### Activity
Omit all pictures and give the records below again exactly as written.

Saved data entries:
--

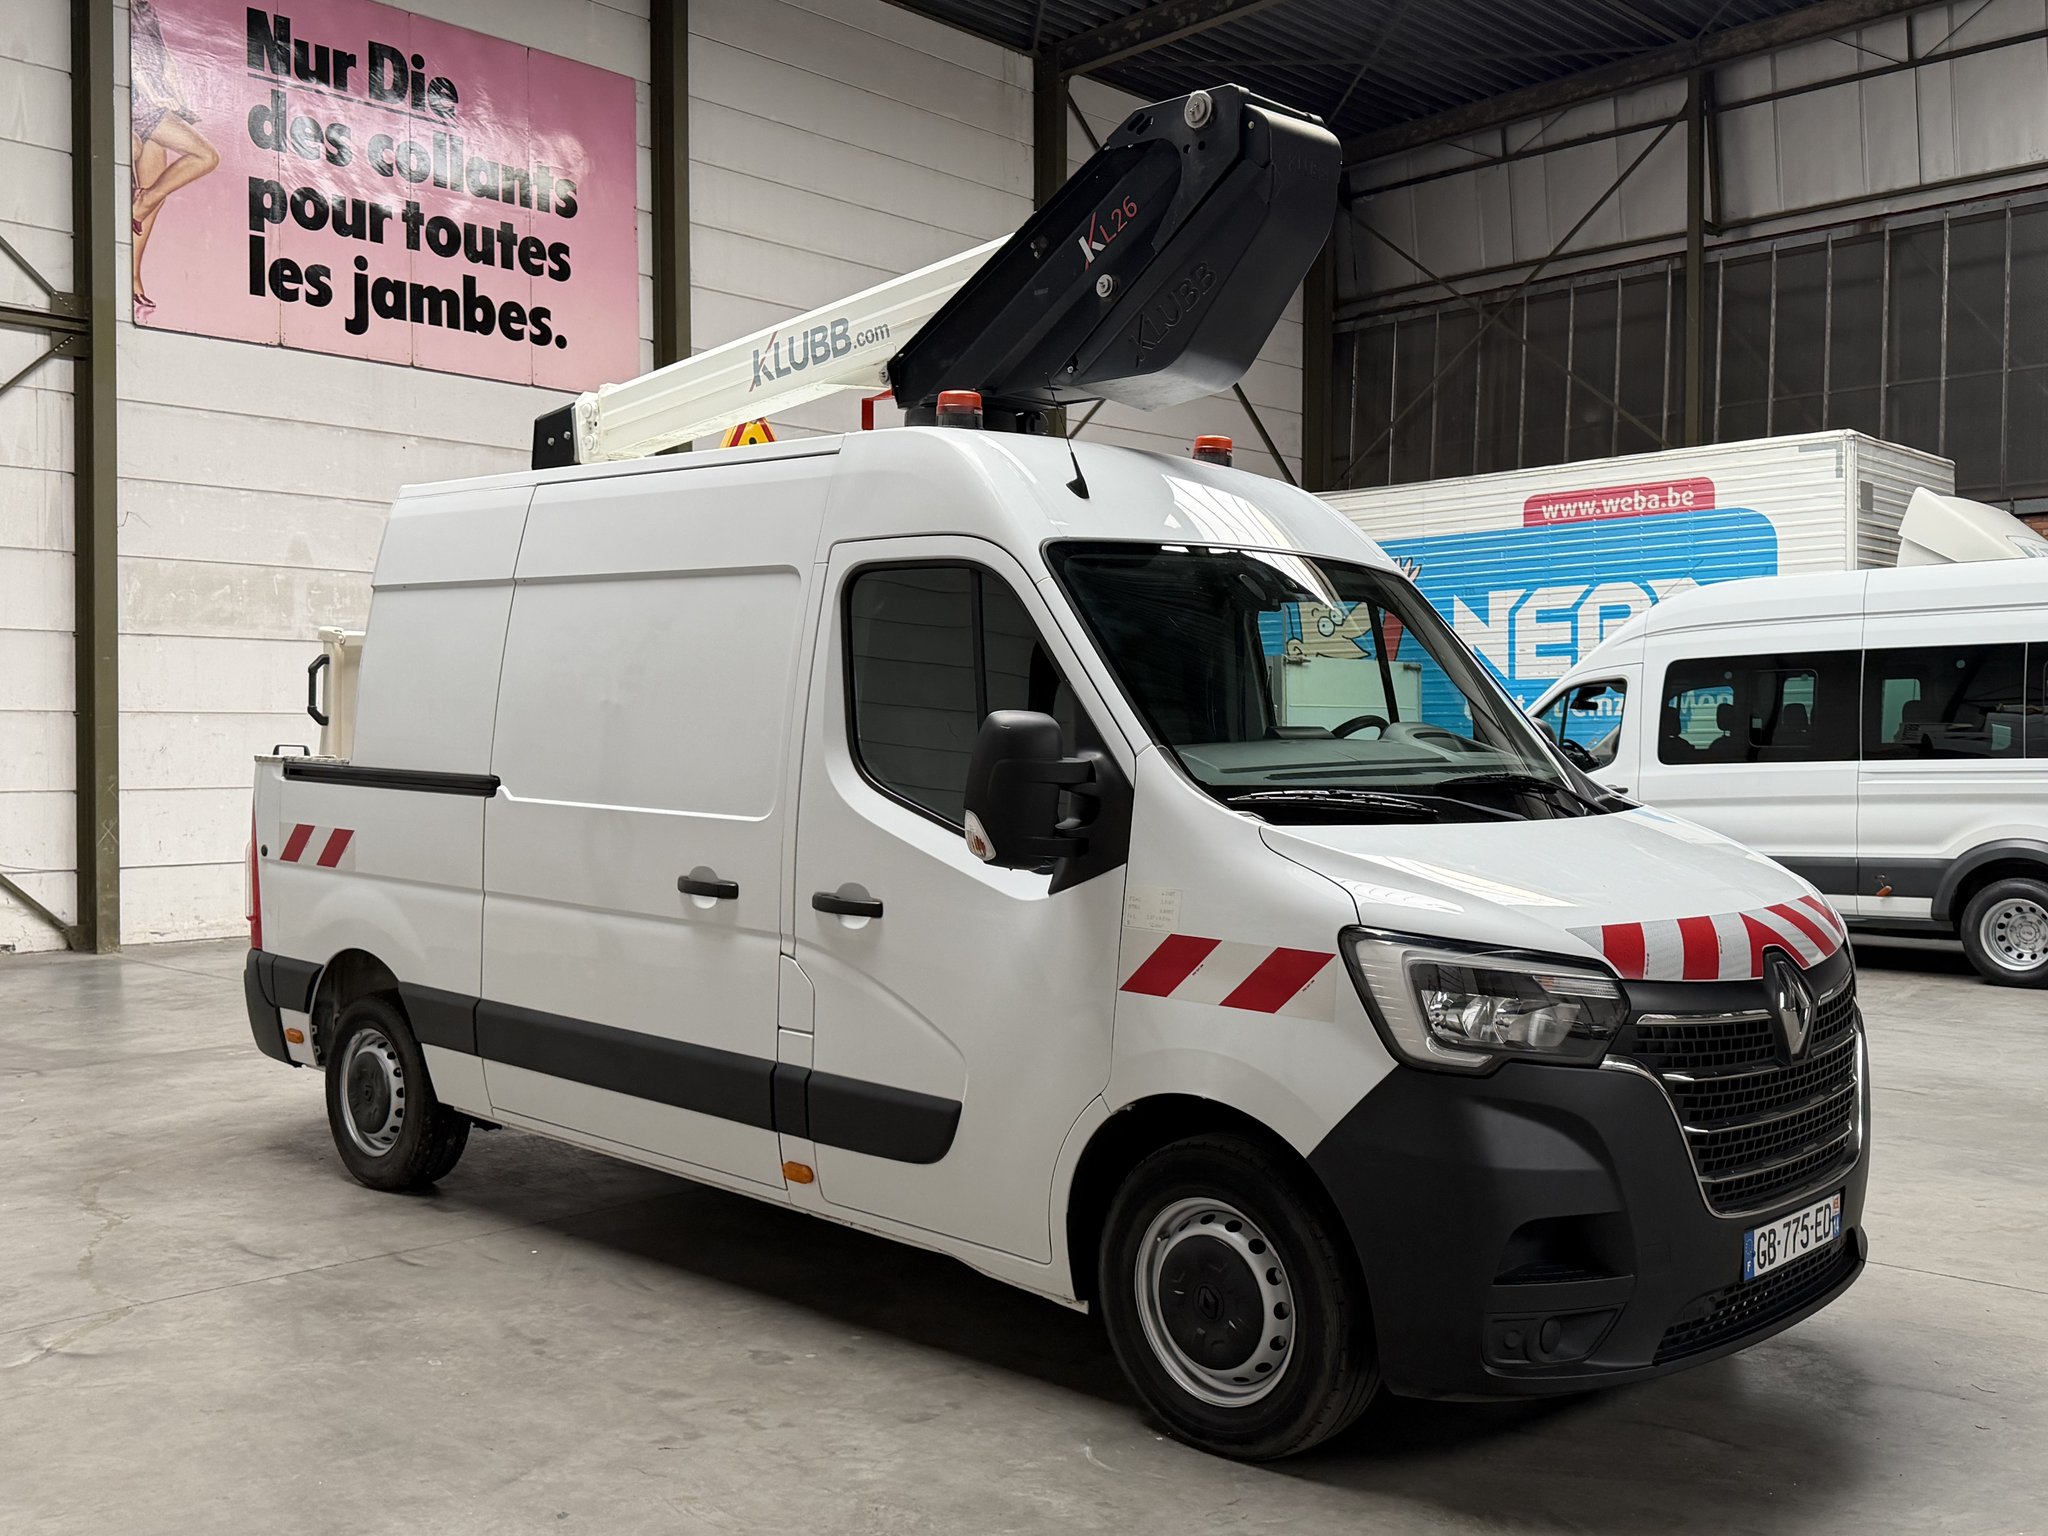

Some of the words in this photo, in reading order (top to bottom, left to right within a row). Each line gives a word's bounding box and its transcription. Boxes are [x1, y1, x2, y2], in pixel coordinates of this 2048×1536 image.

[246, 7, 357, 93] Nur
[368, 40, 459, 117] Die
[247, 89, 352, 168] des
[367, 130, 579, 219] collants
[247, 174, 394, 247] pour
[402, 201, 571, 282] toutes
[1079, 195, 1138, 272] KL26
[247, 235, 333, 309] les
[346, 256, 568, 350] jambes.
[1129, 261, 1217, 367] KLUBB
[749, 317, 891, 392] KLUBB.com
[1541, 486, 1695, 519] www.weba.be
[1453, 577, 1700, 680] NER
[1747, 1260, 1752, 1273] F
[1757, 1203, 1832, 1270] GB-775-ED
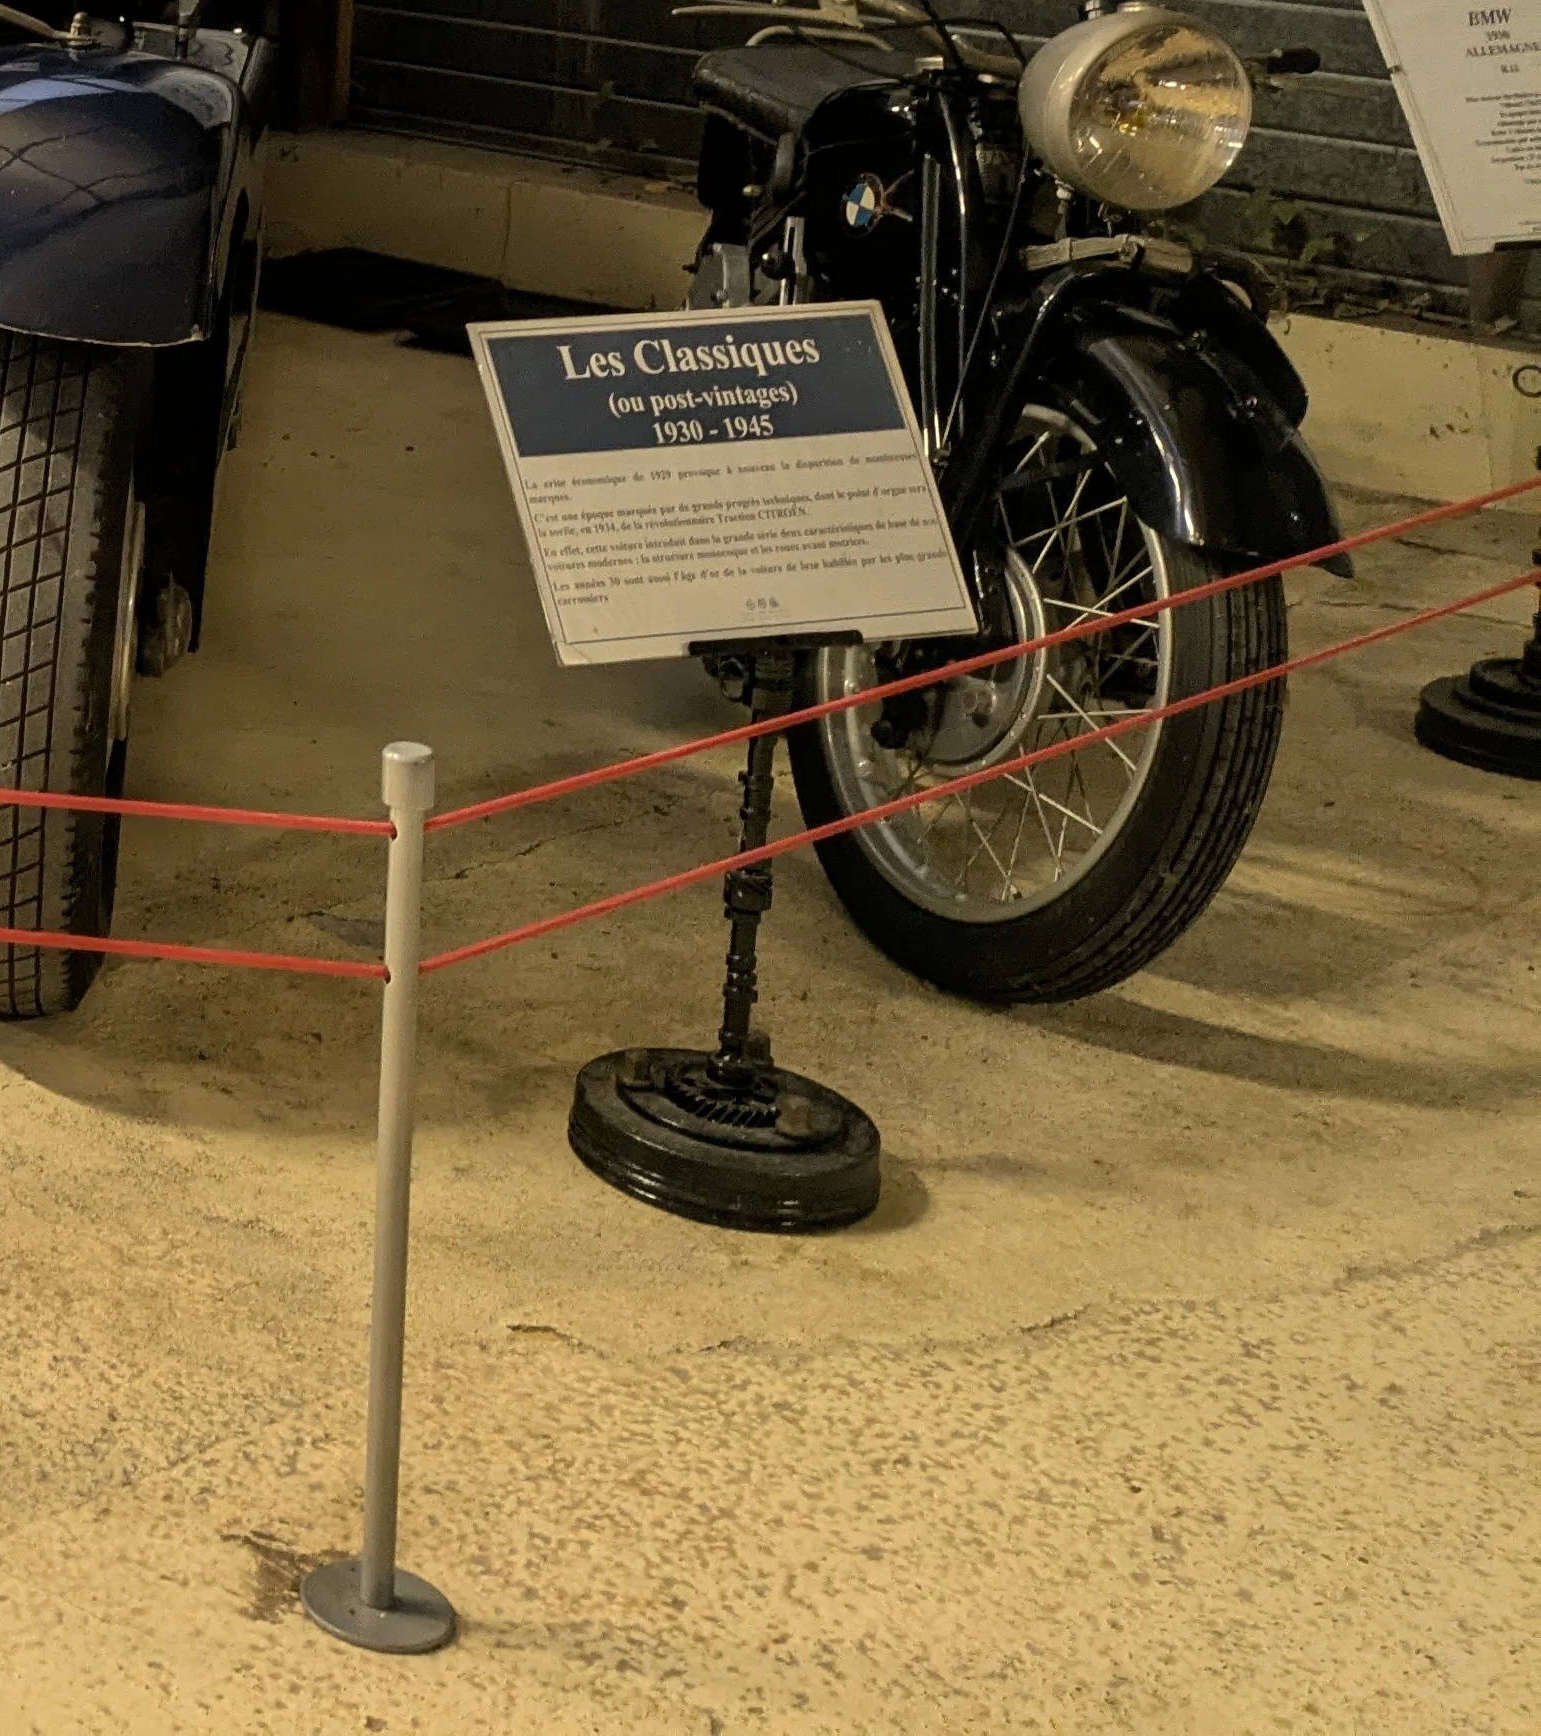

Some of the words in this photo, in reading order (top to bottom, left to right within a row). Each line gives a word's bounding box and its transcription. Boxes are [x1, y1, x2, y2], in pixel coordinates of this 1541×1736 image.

--

### Expected output
Some of the words in this photo, in reading order (top to bottom, left to right within a row). Each line gives a word's bounding box and its transcription. Boxes are [x1, y1, x2, y2], in pixel coordinates of this 2048×1536 image.

[246, 7, 357, 93] Nur
[368, 40, 459, 117] Die
[247, 89, 352, 168] des
[367, 130, 579, 219] collants
[247, 174, 394, 247] pour
[402, 201, 571, 282] toutes
[1079, 195, 1138, 272] KL26
[247, 235, 333, 309] les
[346, 256, 568, 350] jambes.
[1129, 261, 1217, 367] KLUBB
[749, 317, 891, 392] KLUBB.com
[1541, 486, 1695, 519] www.weba.be
[1453, 577, 1700, 680] NER
[1747, 1260, 1752, 1273] F
[1757, 1203, 1832, 1270] GB-775-ED

Some of the words in this photo, in reading order (top to bottom, left to right within a row). Each line gives a word's bounding box and its transcription. Boxes are [x1, y1, x2, y2], in pixel coordinates of this 1541×1736 image.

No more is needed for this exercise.